Both diseases have variances that tend to increase over the years, however in 2007, they showed a different behavior when the MMR by hypertensive causes showed considerable decline and MMR by hemorrhagic causes was strongly increased. This phenomenon is due to the fact that it has been deployed in the state of Ceará, the form of Investigation of Death with Undefined Cause. Which uses data from the investigation records related to Primary Care Unit of the Family Health Program, Registry, Information Systems of Notifiable Diseases (SINAN), Institute of Forensic Medicine (IML), Service of Deaths Verification (SVO) and data from the National Health Foundation (FUNASA). When consulting all those databases referred to deaths was possible that there was an improvement of information on mortality in SIM, allowing greater reliability in recording and quantifying the cause of death18. Thus, it is believed that during the year 2007 maternal deaths were best identified, which justifies the change in patterns of RMM's presented. However, in consecutive years from 2008 to 2010, it was observed that the numbers returned to oscillate with a tendency to increase. It is believed that this may be explained by errors that occur during the filling of the death certificate (DO). Study on the Paraná undercounts and underreporting the number of maternal deaths, says the incorrect filling of DO implies on the analysis result to obtain and count the causa mortis, which directly affects the presentation of the epidemiological picture of maternal deaths, resulting in difficult strategic actions of public policies to eradicate general and specific maternal mortality13. Such underreporting and undercounts are common in other diseases, it is important to conduct further studies that demonstrate the reasons for the failure19,20.

 

FINAL CONSIDERATIONS

Maternal mortality by hypertensive and hemorrhagic causes are in the Brazilian and global framework as public health problems that affect thousands of people. Despite the existence of public policies aimed at reducing the incidence of these diseases, this study allows us to say that they need to be the focus of attention of health professionals to carriers as well as be vigilant in order to prevent its incidence.

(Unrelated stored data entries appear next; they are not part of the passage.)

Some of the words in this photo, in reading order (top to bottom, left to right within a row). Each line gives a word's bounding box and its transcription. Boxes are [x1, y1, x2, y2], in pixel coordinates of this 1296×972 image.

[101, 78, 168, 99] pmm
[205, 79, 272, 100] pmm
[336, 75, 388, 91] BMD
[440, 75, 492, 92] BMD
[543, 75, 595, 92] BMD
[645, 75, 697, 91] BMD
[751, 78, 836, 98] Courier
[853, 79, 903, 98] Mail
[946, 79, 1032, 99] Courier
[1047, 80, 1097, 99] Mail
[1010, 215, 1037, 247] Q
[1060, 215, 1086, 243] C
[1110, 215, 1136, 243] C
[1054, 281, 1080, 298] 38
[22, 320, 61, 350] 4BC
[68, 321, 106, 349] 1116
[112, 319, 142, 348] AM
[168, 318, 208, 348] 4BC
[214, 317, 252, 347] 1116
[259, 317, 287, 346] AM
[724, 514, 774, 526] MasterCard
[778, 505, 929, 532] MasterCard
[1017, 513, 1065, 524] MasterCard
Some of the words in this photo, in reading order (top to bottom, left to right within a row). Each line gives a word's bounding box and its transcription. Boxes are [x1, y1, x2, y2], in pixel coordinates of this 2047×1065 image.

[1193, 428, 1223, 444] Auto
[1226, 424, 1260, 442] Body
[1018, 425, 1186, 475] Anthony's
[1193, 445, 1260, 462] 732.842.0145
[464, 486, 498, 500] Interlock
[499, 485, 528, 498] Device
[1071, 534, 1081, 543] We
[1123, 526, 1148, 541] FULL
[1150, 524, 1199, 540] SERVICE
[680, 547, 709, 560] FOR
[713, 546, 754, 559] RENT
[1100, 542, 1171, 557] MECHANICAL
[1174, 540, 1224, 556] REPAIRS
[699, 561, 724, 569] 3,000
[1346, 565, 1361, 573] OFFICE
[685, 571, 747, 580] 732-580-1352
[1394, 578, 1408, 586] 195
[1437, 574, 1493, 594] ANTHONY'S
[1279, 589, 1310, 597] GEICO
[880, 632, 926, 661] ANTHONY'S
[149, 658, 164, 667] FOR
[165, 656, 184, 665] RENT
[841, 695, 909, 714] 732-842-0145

Finally, it is clear that maternal mortality in Ceará for such causes still has high coefficients. Therefore, it is necessary to reinforce public policies of assistance to women throughout the pregnancy cycle, as well as ensuring proper treatment for those who are suffering from such diseases that endanger her life. Thus, it is expected to be possible having a significant decrease in rates of obstetric death until they reach the numbers recommended by WHO, and public health in Brazil to be known as effective and of great quality for all Brazilians.

One limitation of this study is the underreported some information contained in the notification form of maternal mortality which made hard to build a more comprehensive profile of this population. Thus, we recommend that the professional acting directly on surveillance to be careful to complete each item of the questionnaire.